● ACTIVITY
Reproduce every record below exactly as written, but leave out any pictures.

● INPUT
= = = = = = =
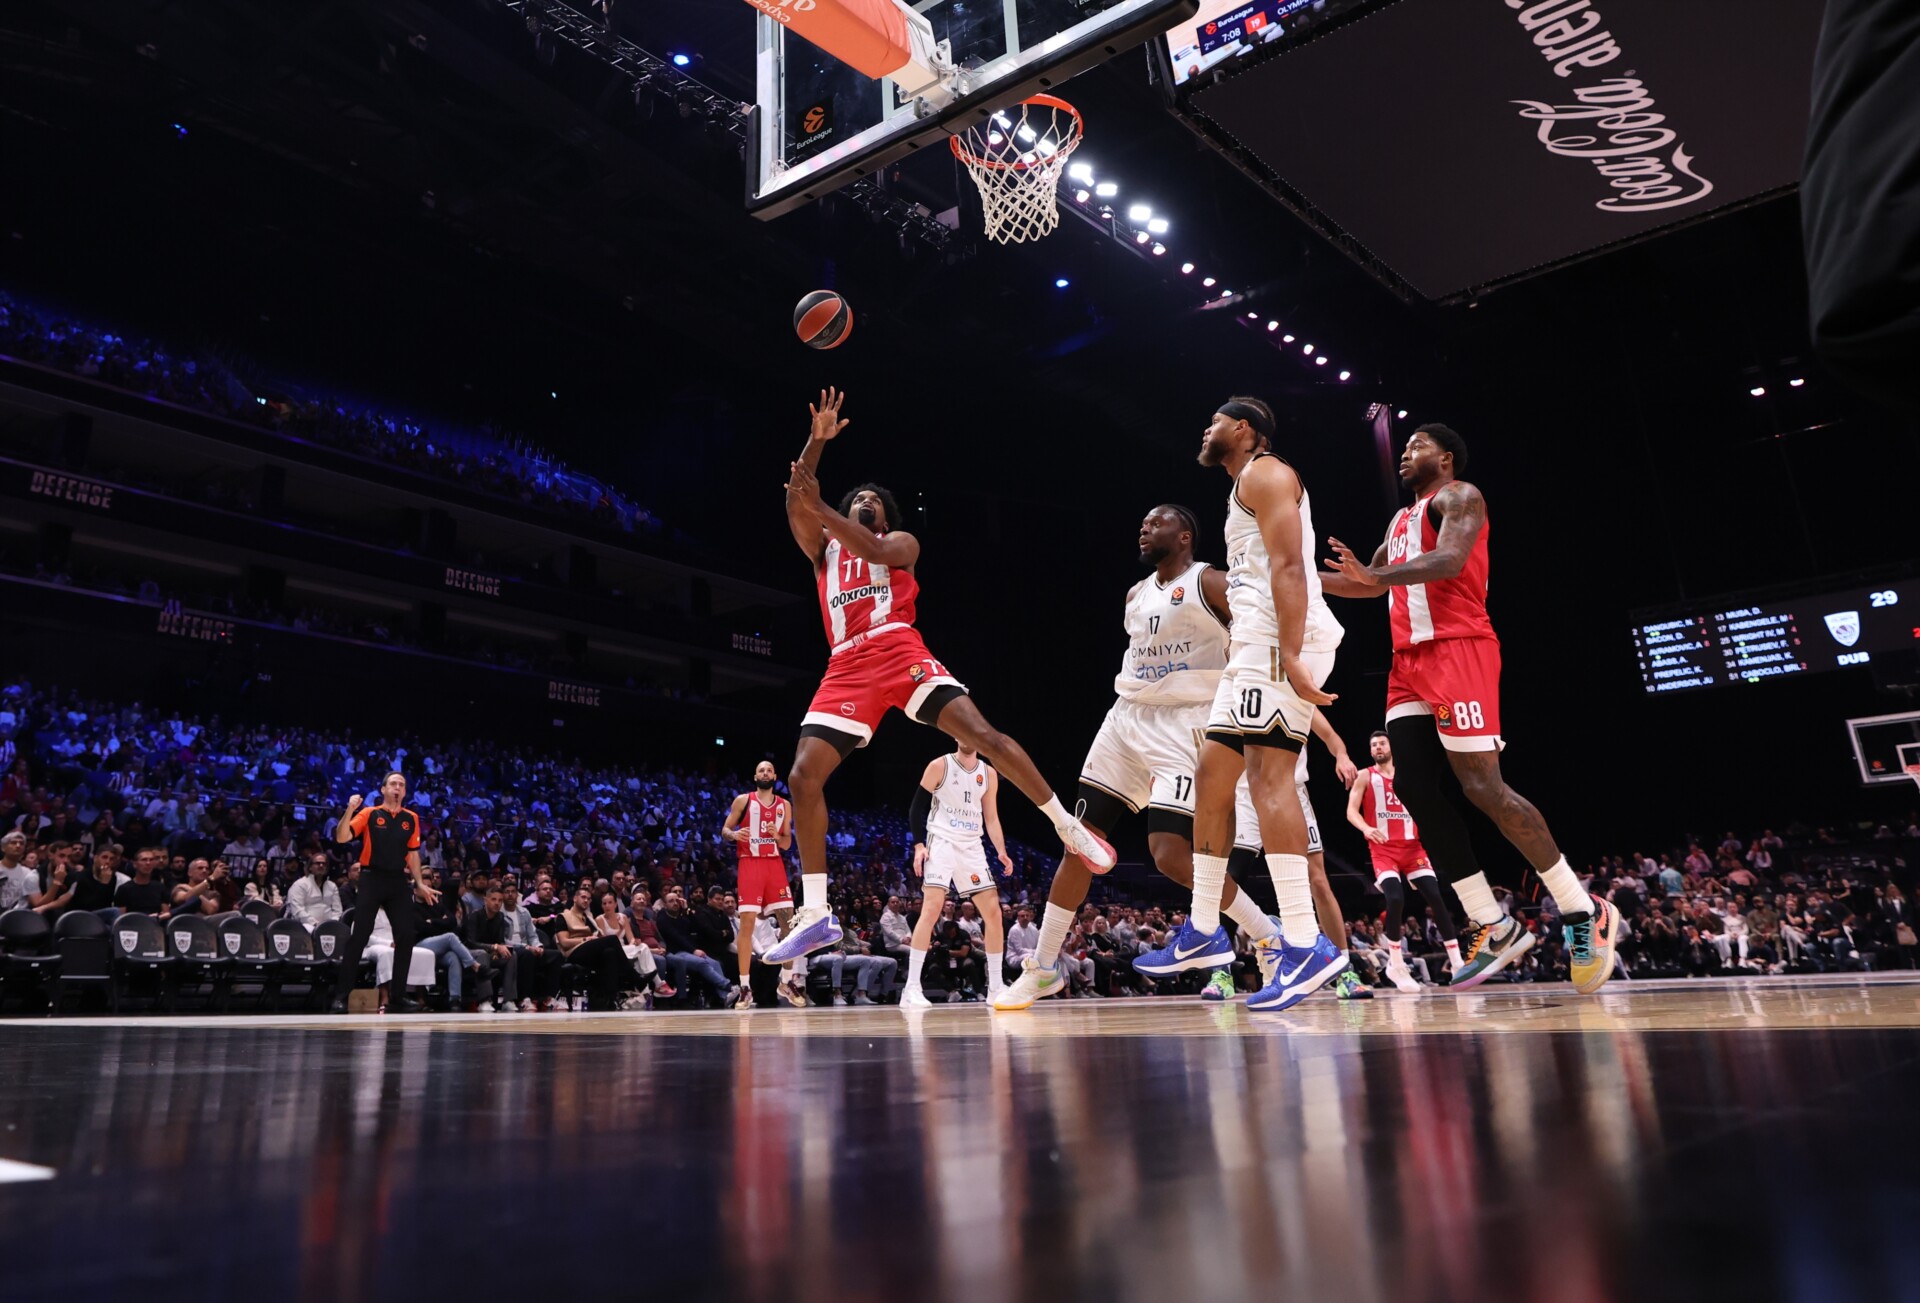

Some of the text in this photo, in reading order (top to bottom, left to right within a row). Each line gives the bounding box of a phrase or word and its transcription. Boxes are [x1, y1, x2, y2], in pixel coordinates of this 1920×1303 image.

[1217, 6, 1254, 28] EuroLeague
[1250, 18, 1261, 29] 19
[1221, 27, 1241, 43] 7:08
[1504, 0, 1714, 212] Coca-Cola aren
[796, 127, 833, 150] EuroLeague
[30, 471, 113, 509] DEFENSE
[1390, 534, 1406, 562] 88
[445, 567, 501, 597] DEFENSE
[830, 583, 889, 608] 00xronia
[1870, 590, 1898, 607] 29
[1149, 615, 1160, 635] 17
[732, 633, 773, 657] DEFENSE
[1131, 641, 1192, 658] OMNIYAT
[1136, 660, 1188, 680] dnata
[1836, 651, 1870, 666] DUB
[548, 680, 601, 707] DEFENSE
[1240, 687, 1262, 719] 10
[1453, 700, 1485, 731] 88
[1174, 774, 1193, 802] 17
[947, 806, 982, 820] OMNIYA
[949, 818, 979, 832] dnata
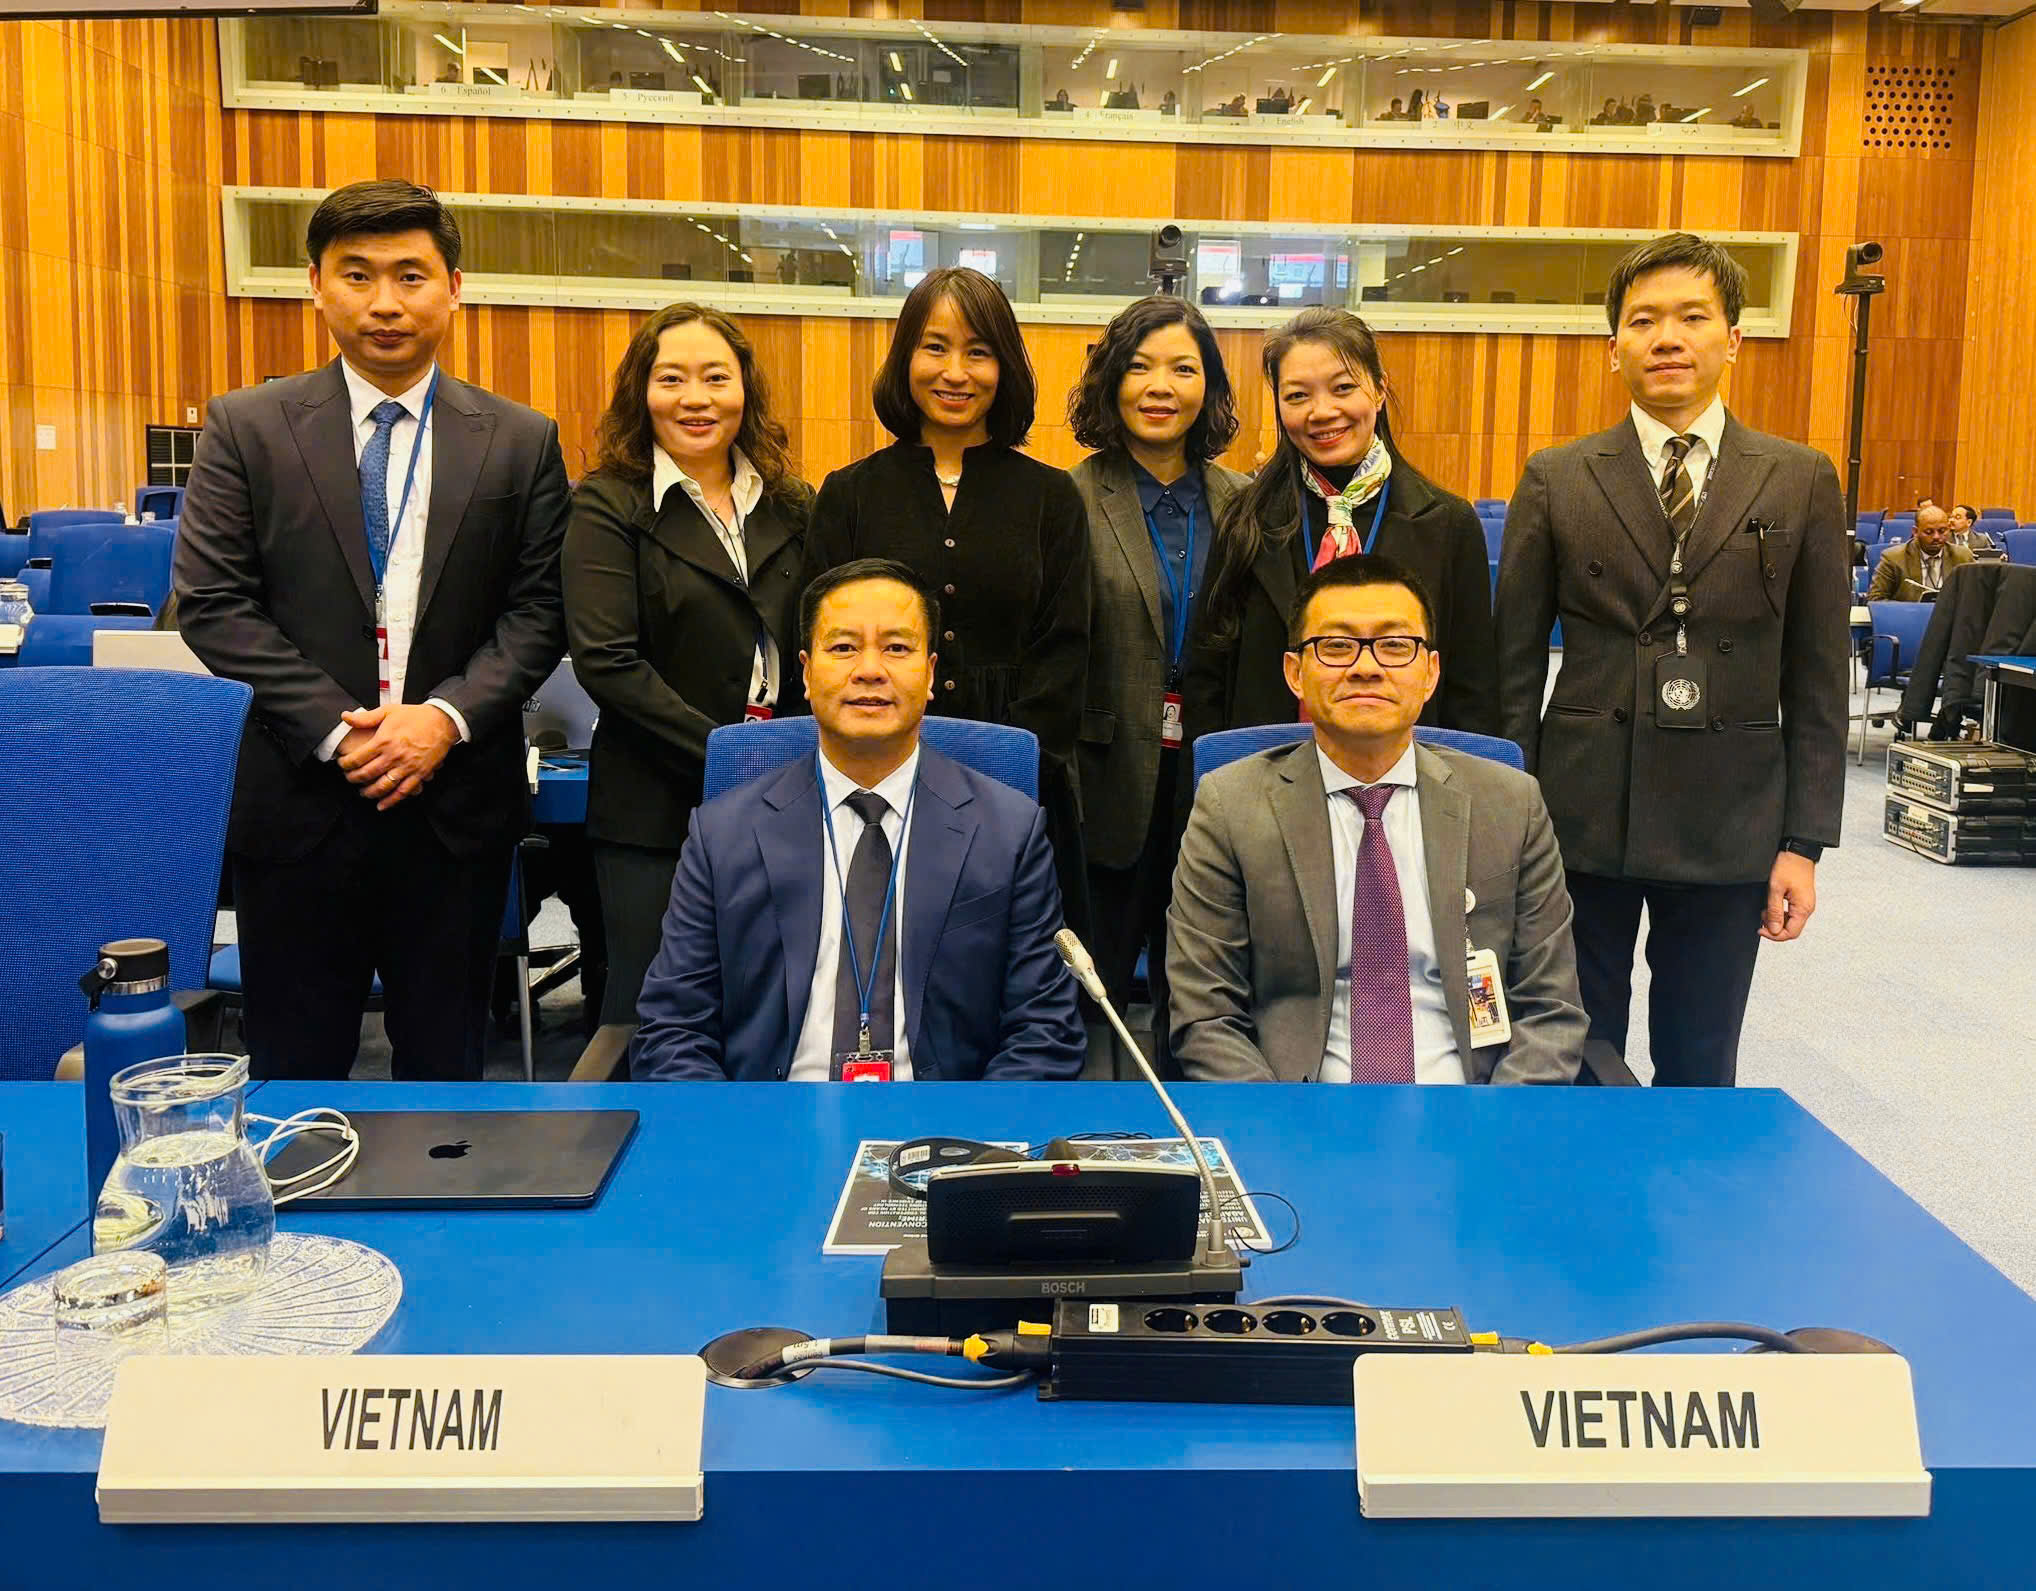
= = = = = = =
● YOUR SOLUTION
Some of the text in this photo, in reading order (top to bottom, left to right within a row). Each line gives the bounding box of a phrase or word and its transcription. Boxes are [x1, y1, x2, y2], in pixel coordinates of this 1920×1303 image.

[1217, 6, 1254, 28] EuroLeague
[1250, 18, 1261, 29] 19
[1221, 27, 1241, 43] 7:08
[1504, 0, 1714, 212] Coca-Cola aren
[796, 127, 833, 150] EuroLeague
[30, 471, 113, 509] DEFENSE
[1390, 534, 1406, 562] 88
[445, 567, 501, 597] DEFENSE
[830, 583, 889, 608] 00xronia
[1870, 590, 1898, 607] 29
[1149, 615, 1160, 635] 17
[732, 633, 773, 657] DEFENSE
[1131, 641, 1192, 658] OMNIYAT
[1136, 660, 1188, 680] dnata
[1836, 651, 1870, 666] DUB
[548, 680, 601, 707] DEFENSE
[1240, 687, 1262, 719] 10
[1453, 700, 1485, 731] 88
[1174, 774, 1193, 802] 17
[947, 806, 982, 820] OMNIYA
[949, 818, 979, 832] dnata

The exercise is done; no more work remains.